Many, many years ago when I was a senior in high school, I got a part in the school's spring production of You Can't Take it With You. I'll let you follow the link to Wikipedia for the synopsis. (I played Penelope, BTW.) Ever since then, the phrase "you can't take it with you" has stuck with me although it's taken a while to let it soak in. When it's time for me to leave this earth and enter into eternity, I won't be able to take anything with me. This means that my time, talent, and treasure are all temporary things and it does me no good whatsoever to hoard them. So, why not share them? I'm glad you asked.

I'm a Star Trek fan because I love the fact that in the Star Trek universe, the people of Earth have finally united and have worked together to eliminate poverty and disease. I know, it gives me a warm fuzzy feeling, too. Although I love the idea of eliminating poverty, I realize that I've never done anything to work toward that objective because it seemed so daunting...until now.

Last year, my husband and I decided to step up and step out in faith and sponsor two children through Compassion International: a little girl in Kenya and a little girl in Bolivia. A month after sponsoring these two girls, we decided to sponsor one more: a girl in Indonesia. I've always been skeptical about child sponsorship programs, but last year Wess Stafford, the president of Compassion International, spoke at our church. It was a moving speech. I had checked out Compassion before and they are highly rated at Charity Navigator. That's important to me. I realized that I could go on being skeptical - doing nothing to alleviate poverty - or, I could step out in faith to make a difference, if only in the life of one person. Eight months later, I haven't regretted it. I write to the girls in Kenya and Indonesia since I signed up to sponsor them; my husband writes to the girl in Bolivia since he sponsored her. It has been an eye-opening and joyful experience. The photo above is of some artwork that my little girl in Indonesia was able to send to me.

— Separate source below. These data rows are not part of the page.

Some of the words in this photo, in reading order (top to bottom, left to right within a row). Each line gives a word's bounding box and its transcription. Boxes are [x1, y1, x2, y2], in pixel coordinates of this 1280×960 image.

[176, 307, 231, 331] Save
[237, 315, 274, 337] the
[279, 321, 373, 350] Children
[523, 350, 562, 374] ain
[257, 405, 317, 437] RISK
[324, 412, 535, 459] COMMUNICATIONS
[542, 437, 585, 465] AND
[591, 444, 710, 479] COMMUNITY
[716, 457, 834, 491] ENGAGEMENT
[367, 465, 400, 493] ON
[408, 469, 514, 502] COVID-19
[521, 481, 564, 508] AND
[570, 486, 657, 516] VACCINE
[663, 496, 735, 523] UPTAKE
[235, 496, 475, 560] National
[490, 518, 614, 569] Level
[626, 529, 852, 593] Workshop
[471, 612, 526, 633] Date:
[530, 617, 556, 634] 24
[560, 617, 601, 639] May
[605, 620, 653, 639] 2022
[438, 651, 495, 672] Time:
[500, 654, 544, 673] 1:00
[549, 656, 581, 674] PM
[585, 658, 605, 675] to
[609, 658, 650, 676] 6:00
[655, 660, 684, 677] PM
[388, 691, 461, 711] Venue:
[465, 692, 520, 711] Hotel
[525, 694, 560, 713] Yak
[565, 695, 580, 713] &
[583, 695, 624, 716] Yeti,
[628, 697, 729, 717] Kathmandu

I encourage you to find your own way of sharing your time, talent, and treasure. Perhaps, like me, you are intrigued but skeptical of sponsoring a child. I totally understand. Head on over to Charity Navigator and do some research. I firmly believe that when we give of ourselves and share with others, we receive so much more in return. Remember: you can't take it with you.

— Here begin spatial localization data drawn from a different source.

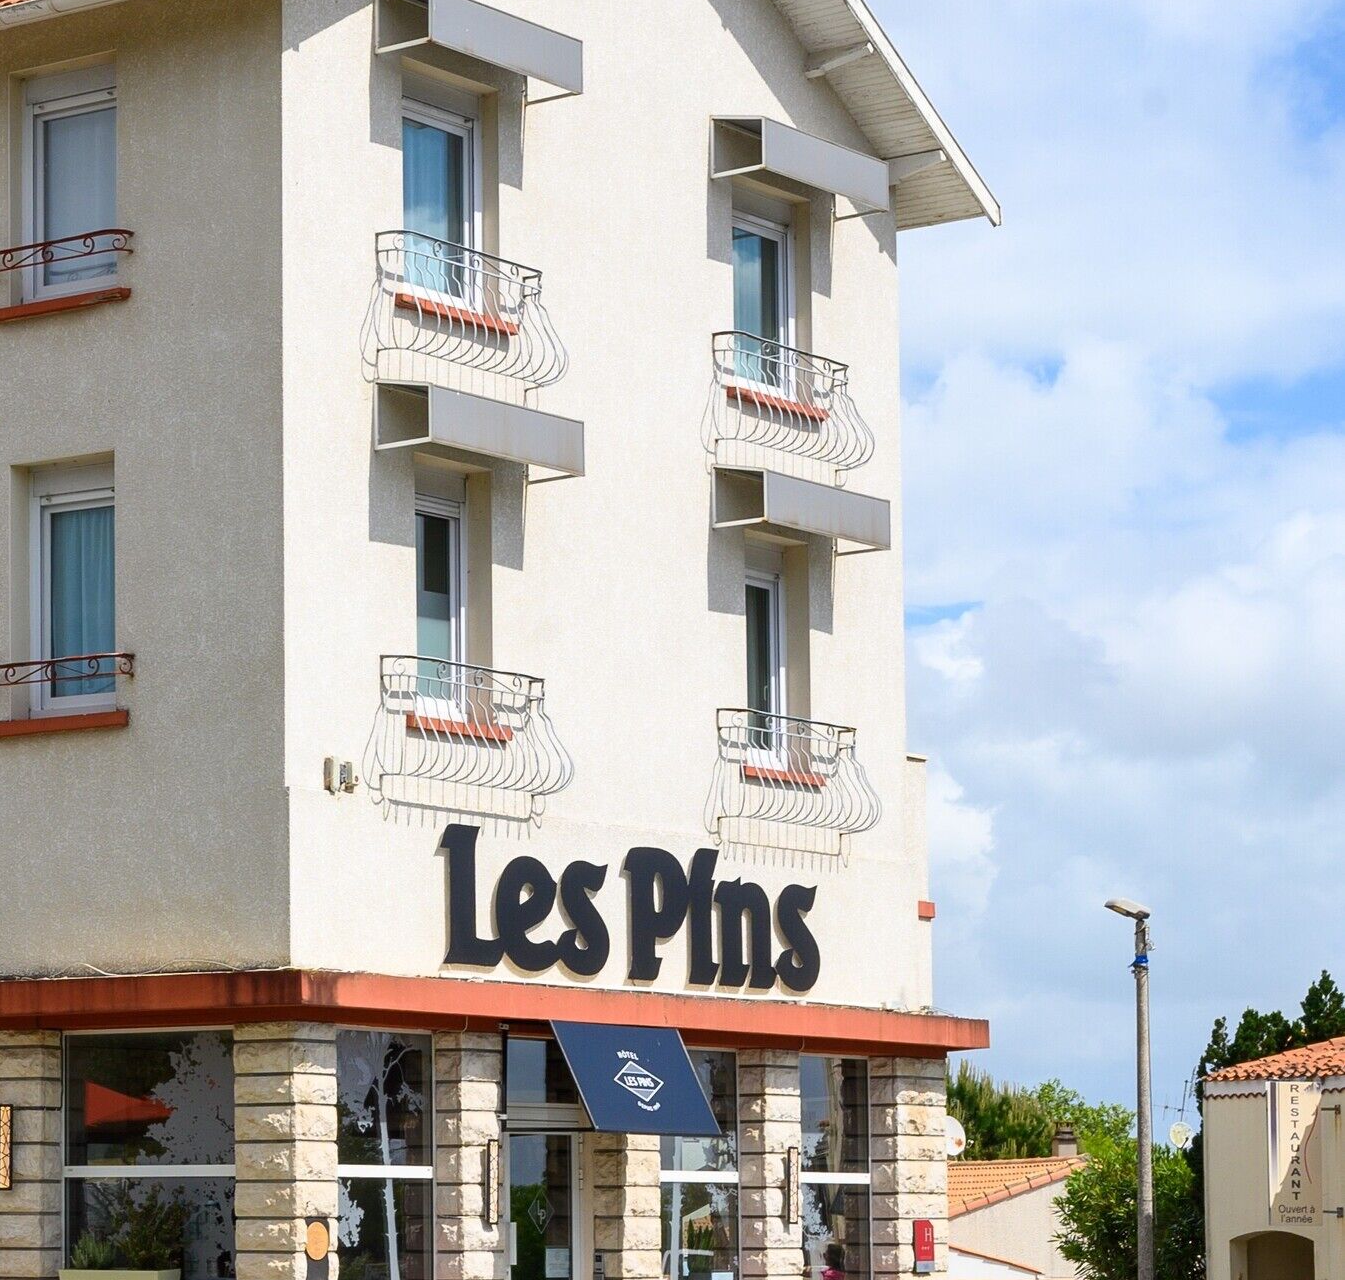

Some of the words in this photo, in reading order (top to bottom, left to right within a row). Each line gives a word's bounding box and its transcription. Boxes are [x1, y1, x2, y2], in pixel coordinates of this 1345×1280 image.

[440, 823, 610, 976] Les
[623, 847, 821, 992] Pins
[623, 1075, 638, 1087] LES
[637, 1076, 655, 1088] PINS
[1290, 1084, 1301, 1200] RESTAURANT
[1278, 1205, 1307, 1214] Ouvert
[1309, 1205, 1316, 1214] à
[1280, 1214, 1313, 1224] l'année
[924, 1227, 932, 1242] H

“Do not store up for yourselves treasures on earth, where moth and rust destroy, and where thieves break in and steal. But store up for yourselves treasures in heaven, where moth and rust do not destroy, and where thieves do not break in and steal. For where your treasure is, there your heart will be also." ~Matthew 6:19-21

Thursday, January 3, 2013

Technically I'm Not a Mrs.

My husband and I have been married for 21 ½ years. We'll be celebrating our 22nd anniversary this June. For various and sundry reasons that would have involved a paperwork nightmare, I did not change my name when we married. I also happened to like my name, so I was fine about not changing it. Since my husband is fairly easy-going, he didn't seem to mind one way or the other. My last name begins with R. My husband's last name begins with H. Sometimes I'm addressed as Mrs. H, usually by the neighborhood kids; sometimes Mrs. R, usually by people who know me but not my husband. And what about the children? They have my husband's last name. I still have mine. It's never been an issue.

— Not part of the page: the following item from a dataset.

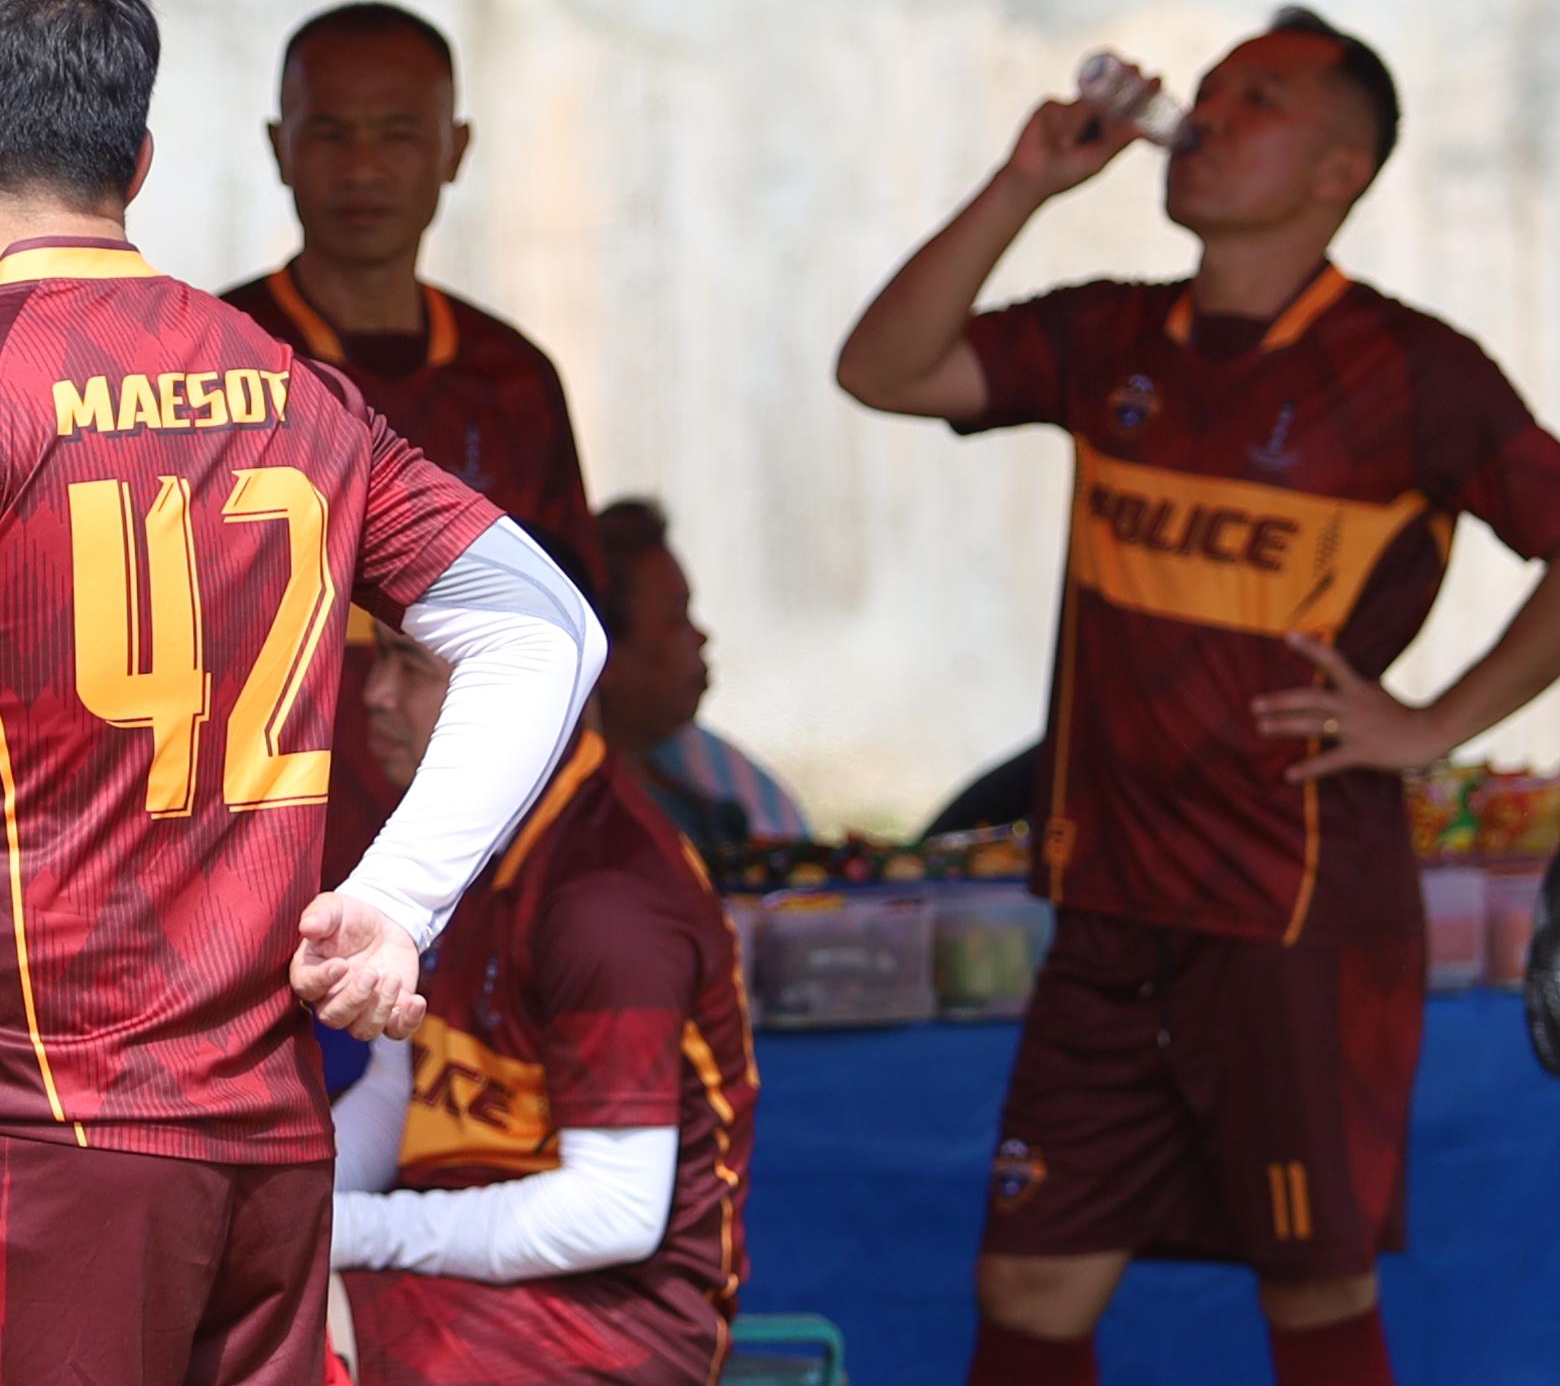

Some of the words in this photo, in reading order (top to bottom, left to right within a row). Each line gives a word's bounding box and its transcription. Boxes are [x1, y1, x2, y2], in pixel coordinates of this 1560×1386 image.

[52, 368, 291, 439] MAESOT
[1089, 483, 1301, 573] POLICE
[68, 466, 332, 820] 42

Most of the time, I don't even think about the name difference. Occasionally, I'm reminded that I'm still in the minority of women who kept their names after marriage...like when I'm on Facebook and I'm looking at my friends' names. Besides me, only two of my friends who are married have kept their own names. Some of my friends are listed as Firstname Maidenname because they are divorced or they never married. Some friends are listed as Firstname Maidenname Marriedname. And some are listed as Firstname Marriedname.

The only time it ever truly bothered me to have my first name paired with my husband's last name was when our insurance company decided to change it for me. For reasons I can't remember, we decided to combine our auto insurance policies by adding him onto mine after we married. The following month our bill was addressed as Hisname and Myname Hislastname, complete with new insurance cards with my "new name". This was problematic for me because legally I was not CH; I was CR. My driver's license was still CR and my auto loan was still in my name. Furthermore, I had not asked them to change my name. They automatically did it for me.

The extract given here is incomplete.